To do:
Where an entry below contains an image, skip the image and copy the rest exactly.

= Beginning of Section =

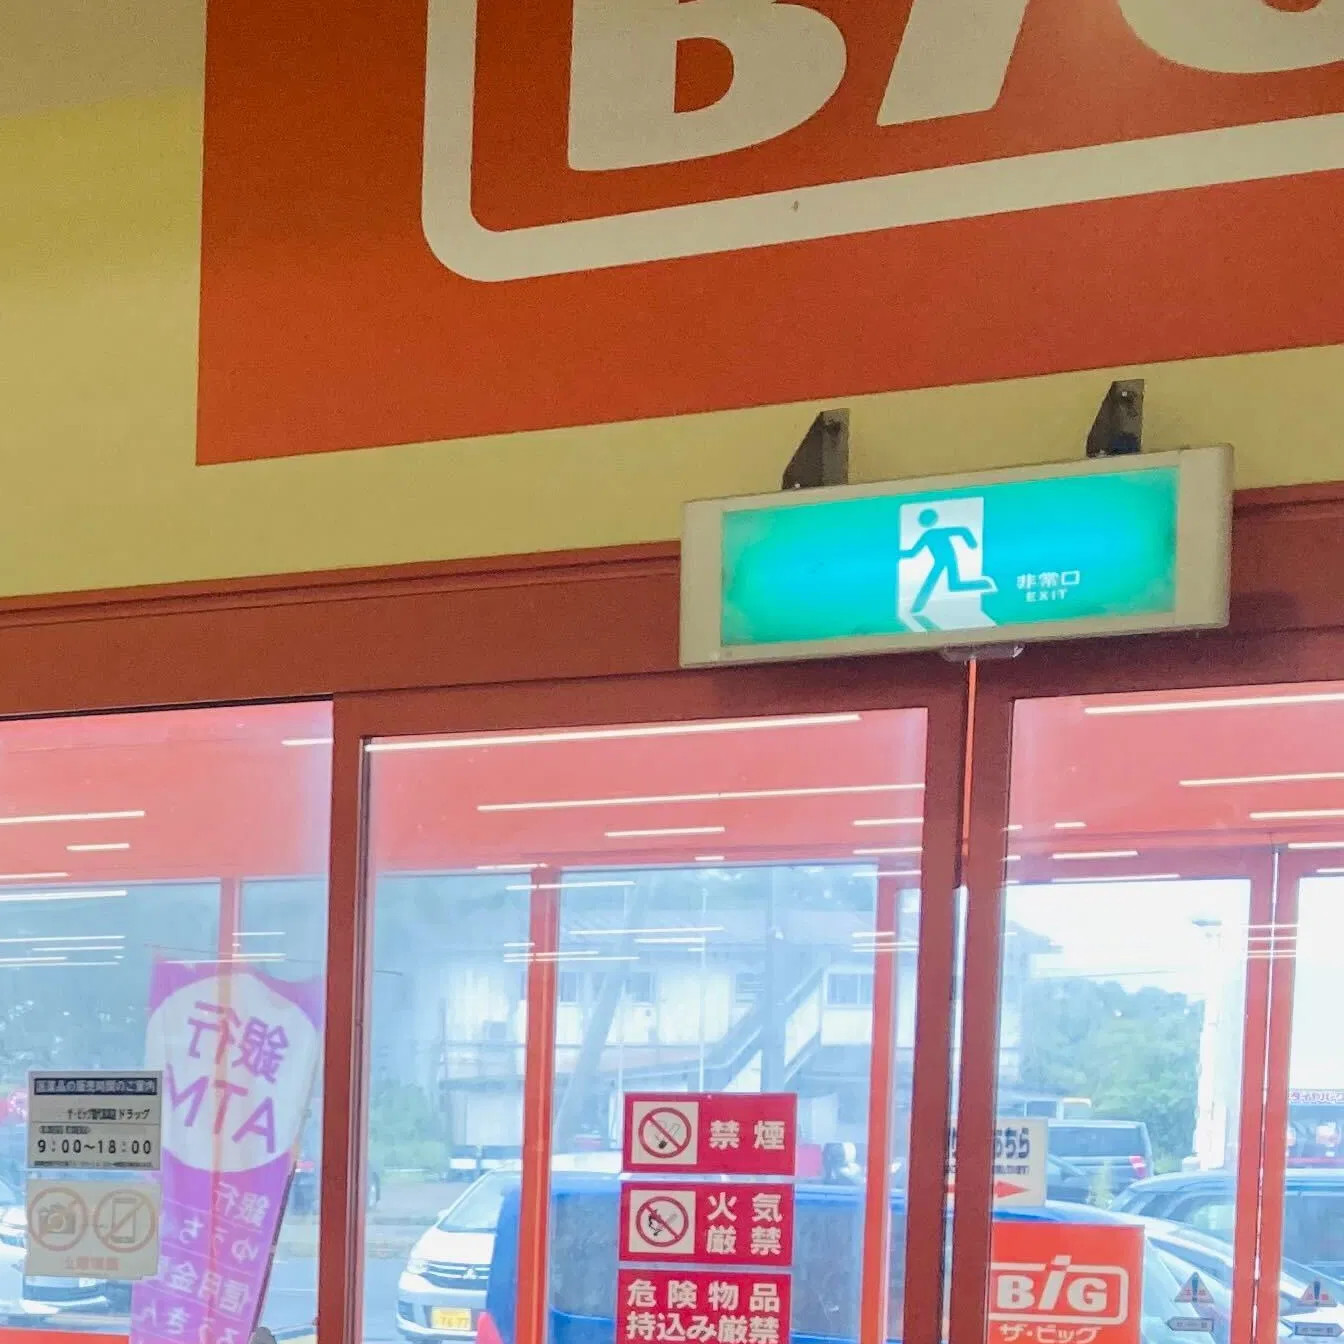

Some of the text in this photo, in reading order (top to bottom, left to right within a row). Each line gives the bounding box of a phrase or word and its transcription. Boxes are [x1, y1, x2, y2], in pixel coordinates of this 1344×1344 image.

[1017, 570, 1080, 589] 非常口
[1026, 589, 1067, 602] EXIT
[708, 1120, 785, 1150] 禁煙
[707, 1192, 783, 1222] 火気
[706, 1225, 781, 1255] 厳禁
[627, 1279, 780, 1313] 危険物品
[1000, 1322, 1102, 1344] ザ・ビッグ
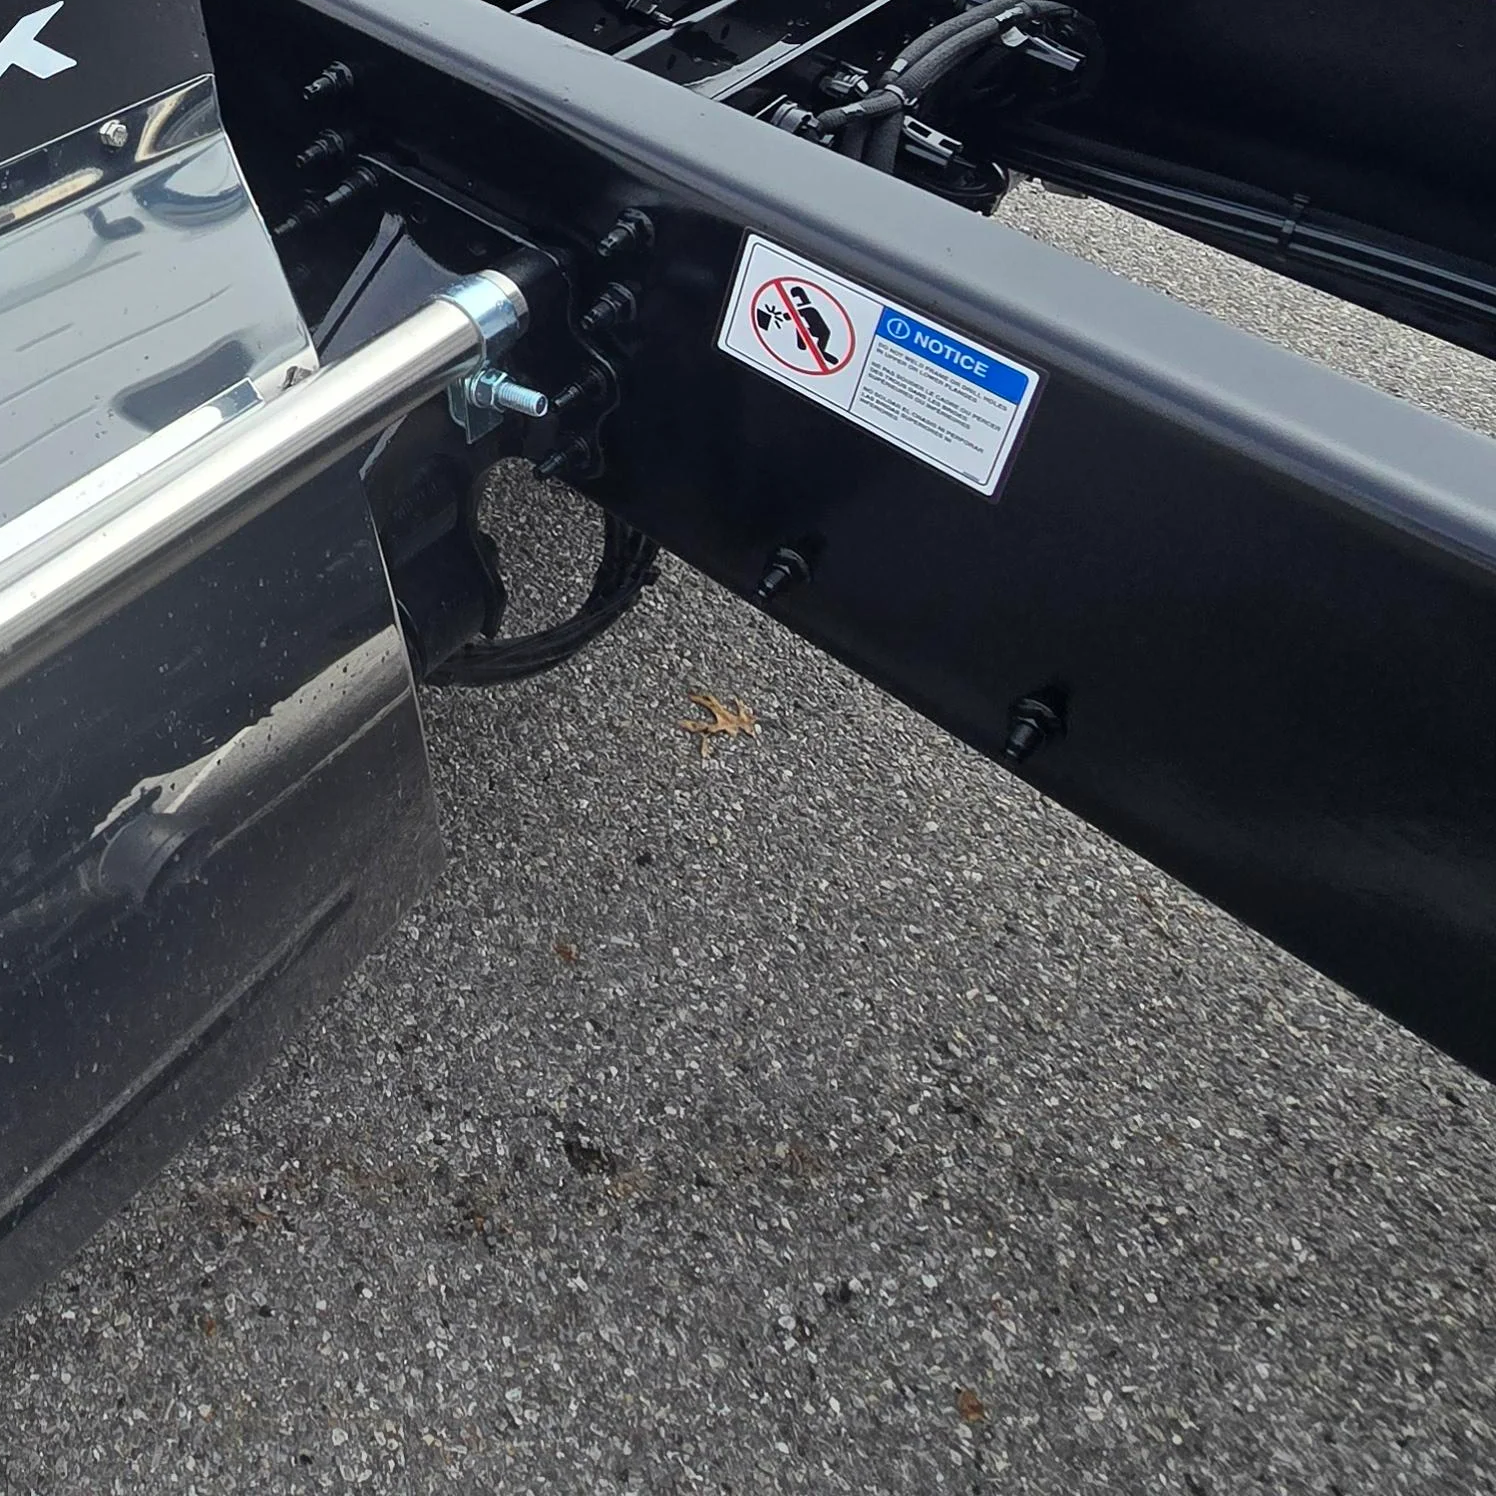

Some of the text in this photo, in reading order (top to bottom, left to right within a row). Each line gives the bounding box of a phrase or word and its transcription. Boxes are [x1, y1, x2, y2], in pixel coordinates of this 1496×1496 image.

[882, 366, 895, 376] PAS
[884, 352, 906, 366] UPPER
[919, 369, 944, 385] LOWER
[944, 382, 977, 402] FLANGES
[913, 331, 989, 377] NOTICE
[889, 348, 903, 357] NOT
[904, 355, 924, 368] WELD
[924, 365, 948, 380] FRAME
[983, 395, 1008, 410] HOLES
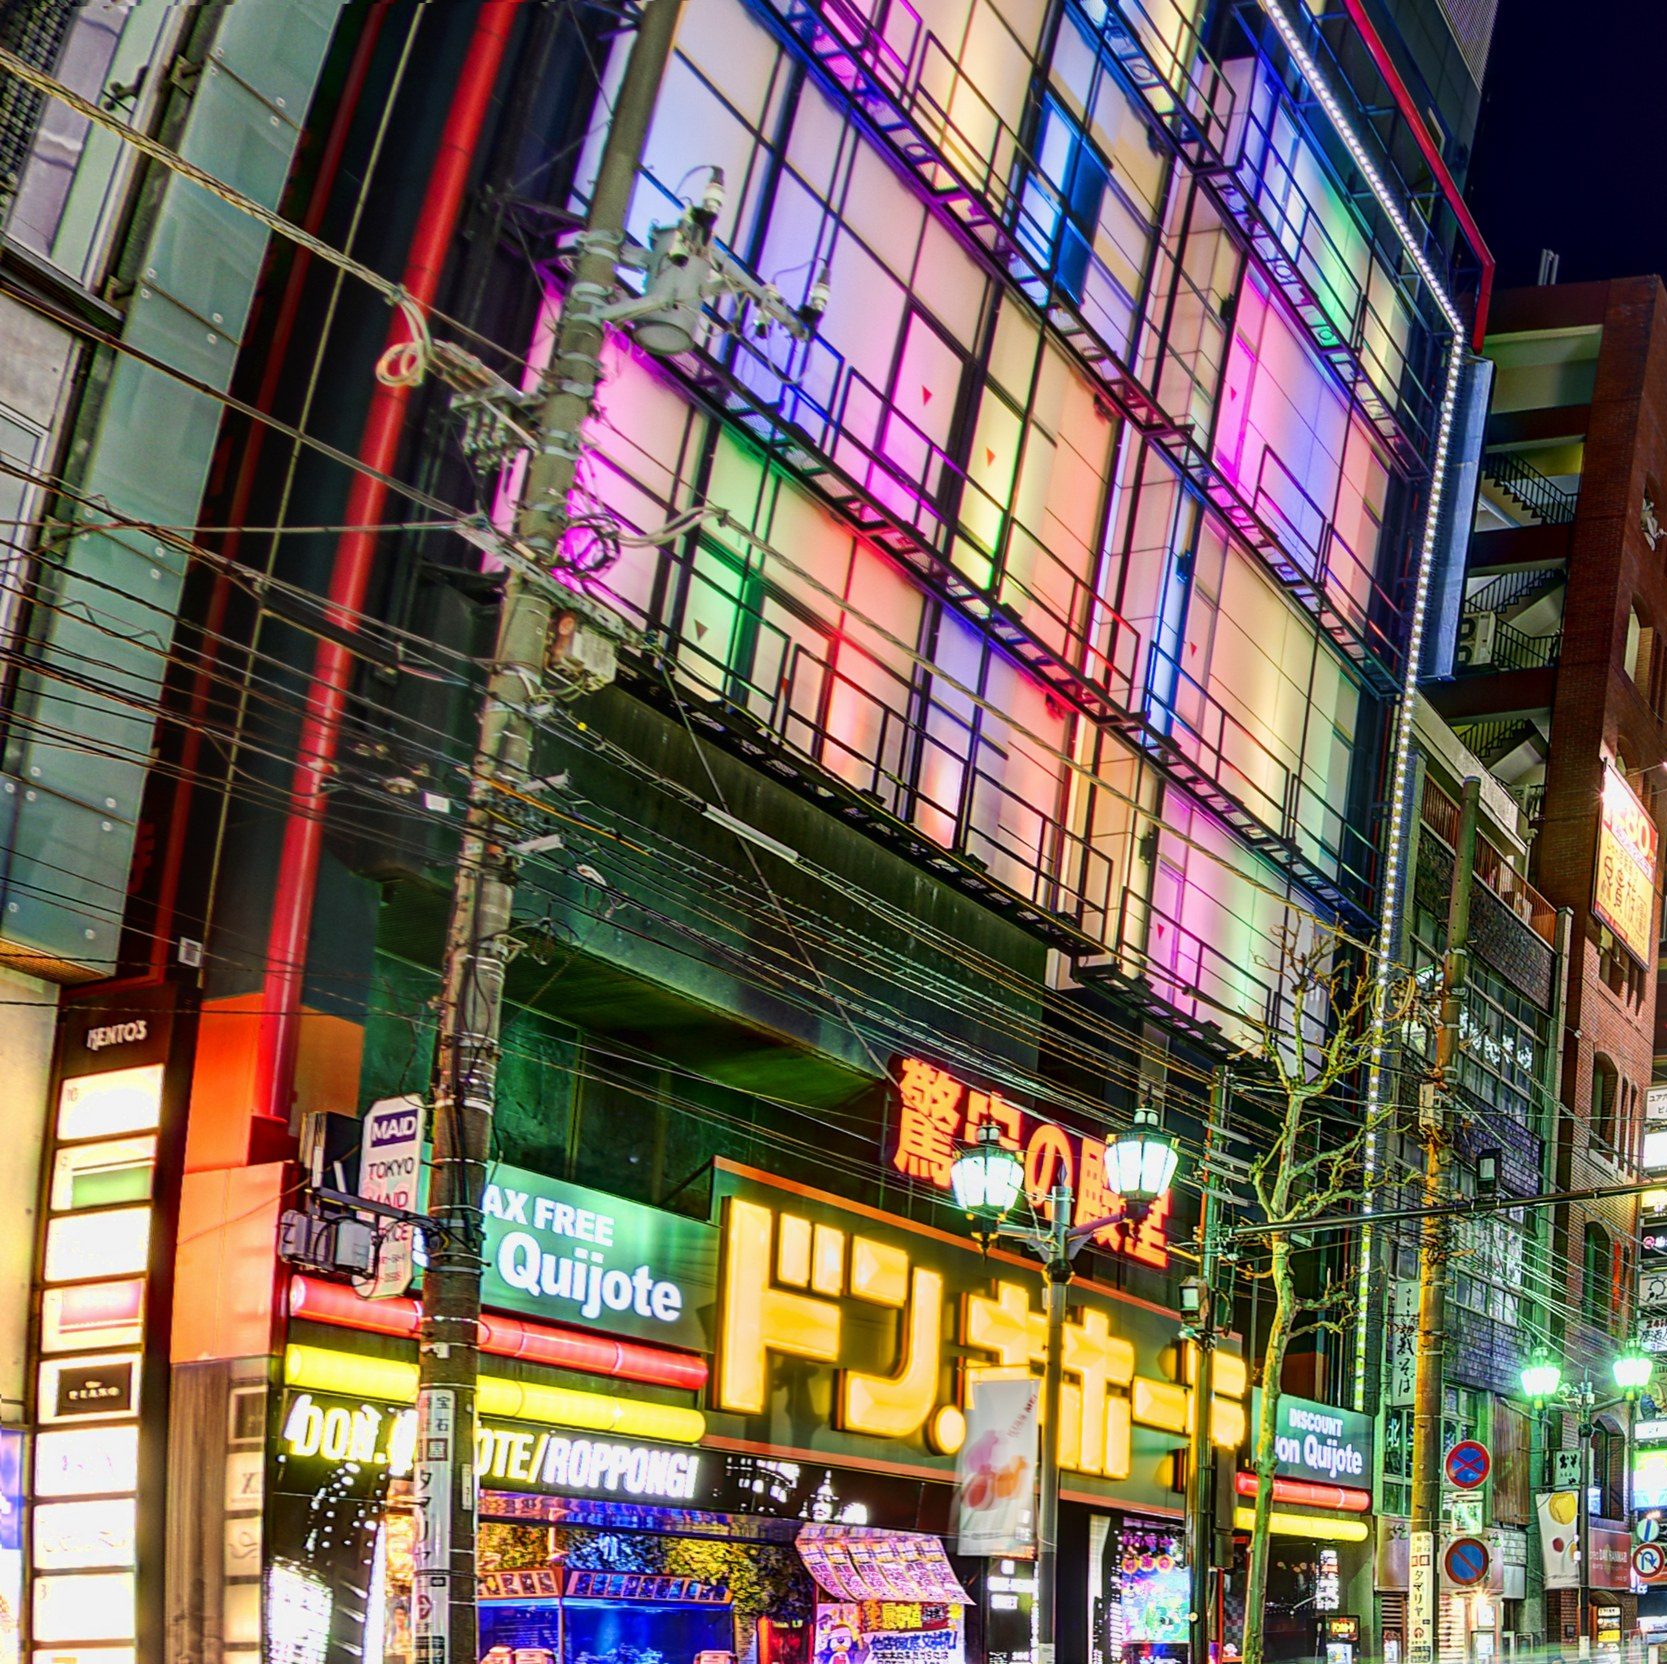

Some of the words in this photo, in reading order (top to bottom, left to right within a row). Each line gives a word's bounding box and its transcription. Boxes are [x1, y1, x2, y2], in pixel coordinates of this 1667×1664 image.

[372, 1116, 417, 1142] MAID
[368, 1157, 414, 1181] TOKYO
[483, 1184, 528, 1217] AX
[533, 1197, 614, 1249] FREE
[499, 1231, 682, 1322] Quijote
[1288, 1408, 1344, 1437] DISCOUNT
[1303, 1434, 1363, 1478] Quijote
[1413, 1569, 1424, 1617] タマリヤ

= End of Section =

Answer space:
Some of the text in this photo, in reading order (top to bottom, left to right within a row). Each line gives the bounding box of a phrase or word and its transcription. Boxes are [x1, y1, x2, y2], in pixel coordinates of this 1344×1344 image.

[1017, 570, 1080, 589] 非常口
[1026, 589, 1067, 602] EXIT
[708, 1120, 785, 1150] 禁煙
[707, 1192, 783, 1222] 火気
[706, 1225, 781, 1255] 厳禁
[627, 1279, 780, 1313] 危険物品
[1000, 1322, 1102, 1344] ザ・ビッグ

Some of the text in this photo, in reading order (top to bottom, left to right within a row). Each line gives the bounding box of a phrase or word and its transcription. Boxes are [x1, y1, x2, y2], in pixel coordinates of this 1496×1496 image.

[882, 366, 895, 376] PAS
[884, 352, 906, 366] UPPER
[919, 369, 944, 385] LOWER
[944, 382, 977, 402] FLANGES
[913, 331, 989, 377] NOTICE
[889, 348, 903, 357] NOT
[904, 355, 924, 368] WELD
[924, 365, 948, 380] FRAME
[983, 395, 1008, 410] HOLES

Some of the words in this photo, in reading order (top to bottom, left to right within a row). Each line gives a word's bounding box and its transcription. Boxes are [x1, y1, x2, y2], in pixel coordinates of this 1667×1664 image.

[372, 1116, 417, 1142] MAID
[368, 1157, 414, 1181] TOKYO
[483, 1184, 528, 1217] AX
[533, 1197, 614, 1249] FREE
[499, 1231, 682, 1322] Quijote
[1288, 1408, 1344, 1437] DISCOUNT
[1303, 1434, 1363, 1478] Quijote
[1413, 1569, 1424, 1617] タマリヤ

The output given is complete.